Tag Archives: Starter

Southpaw Schweitzer gains strength, confidence with Ball State Cardinals

By STEVE KRAH
http://www.IndianaRBI.com

When Tyler Schweitzer stepped onto the Ball State University campus in Muncie, Ind., in the fall of 2019, he joined the baseball team at about 6-foot and 155 pounds.
Flash forward to the spring of 2022 and 21-year-old Schweitzer is 6-1 and 185 and at the front of the Cardinals’ starting rotation. He was to get the ball today (Thursday, May 19) at Miami (Ohio) to begin a four-game series to end the regular season.
Ball State (34-17, 28-7) trails Central Michigan (36-15, 28-6) for first place in the Mid-American Conference. Starting Friday, CMU plays three against visiting Toledo. The top four finishers in the MAC race make the conference tournament with the regular-season champion as host.
Schweitzer, a left-handed pitcher, dedicated himself to strength training.
“Most of it was from the weight room and eating a lot,” says Schweitzer, who credits Ball State baseball strength and conditioning coach Bill Zenisek for helping him with squats, lunges and dead lifts for his legs and rows and dumb bell presses for his upper body. “I’ve felt healthier in this weight range. I feel stronger. It makes me more confident in myself. I’ve gained a lot of the velo.”
Throwing from a three-quarter arm angle, Schweitzer delivers his four-seam fastball at 90 to 93 mph, topping out at 94.
“I try to throw it straight but it usually tails and sometimes it might cut,” says Schweitzer of the four-seamer. “My curve is 11-to-5. I throw a sweeping slider (with more vertical drop than horizontal movement). I have a circle change-up (that sinks).
“I’ve been messing with grips for a couple years now.

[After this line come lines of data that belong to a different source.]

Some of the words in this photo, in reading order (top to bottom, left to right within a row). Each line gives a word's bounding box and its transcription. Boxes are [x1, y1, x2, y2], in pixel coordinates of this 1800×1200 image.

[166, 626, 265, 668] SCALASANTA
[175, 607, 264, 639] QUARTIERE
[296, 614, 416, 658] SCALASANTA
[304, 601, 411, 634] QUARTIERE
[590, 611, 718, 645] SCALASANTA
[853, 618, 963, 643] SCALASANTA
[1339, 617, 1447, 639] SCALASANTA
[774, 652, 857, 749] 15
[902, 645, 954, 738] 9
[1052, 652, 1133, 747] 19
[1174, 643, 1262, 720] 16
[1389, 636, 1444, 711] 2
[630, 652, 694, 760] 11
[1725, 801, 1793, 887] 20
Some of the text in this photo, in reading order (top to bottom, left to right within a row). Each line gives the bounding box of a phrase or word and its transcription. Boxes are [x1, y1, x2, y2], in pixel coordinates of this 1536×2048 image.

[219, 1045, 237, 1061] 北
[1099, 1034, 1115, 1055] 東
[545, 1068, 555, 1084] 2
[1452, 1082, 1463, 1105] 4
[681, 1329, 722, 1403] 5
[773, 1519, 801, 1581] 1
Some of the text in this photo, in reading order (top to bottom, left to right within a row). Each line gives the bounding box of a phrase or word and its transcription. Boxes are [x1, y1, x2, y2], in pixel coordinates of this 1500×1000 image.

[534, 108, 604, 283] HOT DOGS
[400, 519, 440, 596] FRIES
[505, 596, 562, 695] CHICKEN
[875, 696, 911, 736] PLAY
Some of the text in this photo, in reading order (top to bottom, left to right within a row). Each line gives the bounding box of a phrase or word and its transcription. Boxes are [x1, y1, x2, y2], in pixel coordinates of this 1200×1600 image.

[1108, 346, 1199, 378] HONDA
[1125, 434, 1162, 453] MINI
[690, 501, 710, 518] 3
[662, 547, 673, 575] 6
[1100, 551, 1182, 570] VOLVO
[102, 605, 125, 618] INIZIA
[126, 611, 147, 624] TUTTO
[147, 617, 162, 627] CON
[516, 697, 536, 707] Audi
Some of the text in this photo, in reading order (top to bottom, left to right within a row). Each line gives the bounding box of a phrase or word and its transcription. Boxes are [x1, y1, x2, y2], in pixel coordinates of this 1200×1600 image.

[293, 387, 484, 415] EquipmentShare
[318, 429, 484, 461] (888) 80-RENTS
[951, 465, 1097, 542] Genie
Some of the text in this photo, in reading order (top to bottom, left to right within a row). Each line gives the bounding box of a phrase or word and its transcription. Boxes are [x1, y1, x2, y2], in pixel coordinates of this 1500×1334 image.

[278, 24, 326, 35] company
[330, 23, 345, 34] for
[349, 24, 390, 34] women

I’ve found one that I’m comfortable with.”
Schweitzer, who is 9-2 in 13 mound appearances (all starts) with a 2.48 earned run average, 94 strikeouts and 26 walks in 76 1/3 innings, has become comfortable as the No. 1 weekend starter after being used in relief his first two seasons at Ball State.
“The relief role I liked a lot,” says Schweitzer. “Coach (Rich Maloney) would put me in stressful situations. I would have to calm the fire.
“Being a starter, I have a longer leash. I’m capable of getting in a rhythm and doing my thing.”
At the beginning of the season, a pitch count maximum of 70 to 90 was observed. Now it’s about what’s happing in the game.
“You’re on your own until Coach comes out there and takes you out,” says Schweitzer, who has two complete games. “It might be crunch time and the closer can come in and give us the win.
“It becomes very situational at the end.”
Schweitzer is OK turning the ball over to closer Sam Klein.
“When I know he’s coming in, the door is shut for the other team,” says Schweitzer of Klein. “For him to come into the game, I know we’re in a good spot.
Sophomore right-hander Klein (Bloomington North Class of 2020) is 3-2 with nine saves and a 3.51 ERA.
Schweitzer, who has been the MAC Pitcher of the Week three times, enjoys playing for head coach Maloney and pitching coach Larry Scully.
“(Maloney) is a successful coach and winning is fun,” says Schweitzer, who has helped Ball State post win streaks of 10 and 11 this spring. “When we lose we all take it very seriously and try not to do it again.
“(Scully) keeps it very light with all the pitchers. He brings a change of pace when needed.”
Schweitzer is a 2019 graduate of Hamilton Southeastern High School in Fishers, Ind. He helped the Royals win an IHSAA Class 4A state championship as a senior. His head coach for the first three years was Scott Henson with Jeremy Sassanella leading HSE in Schweitzer’s final prep season.
“He was the one who got my work ethic the way it is today,” says Schweitzer of Henson. “Coach Sassanella gave me a lot of confidence in my abilities.”
Schweitzer credits Sassanella for building a brotherhood culture that led to the 2019 state crown. The lefty pitcher three key relief innings during that 3-2 win against Columbus East.
Born in Indianapolis, Schweitzer grew up in Fishers.
He played travel for the Indiana Prospects, an unaffiliated team, The Cats (a merger of HSE and Fishers players), USAthletic and then back to the Indiana Prospects leading into his senior high school season.
At the request of then-Ball State pitching coach Dustin Glant (now at Indiana University), Schweitzer took off the summer of 2019 to rest his arm.
The southpaw played for the Matt Kennedy-coached Snapping Turtles of the College Summer League at Grand Park in 2020 and the Northwoods League’s Lakeshore Chinooks (Mequon, Wis.) in 2021. What he does this summer will depend on how many innings he gets with Ball State.
Schweitzer, who is pursuing a double major in Accounting and Economics, is a junior academically and has two years of eligibility remaining because of the COVID-19 pandemic-shortened season of 2020.
Joe Schweitzer, Tyler’s father, is an independent contractor who instills signs. His mother, Susan Binford, owns a furniture company that sells to schools and colleges. Stepmother Lisa Schweitzer is a sale representative for a graphics company. Tyler’s sister Lindsey Schweitzer (22) studies Chemistry at Purdue University.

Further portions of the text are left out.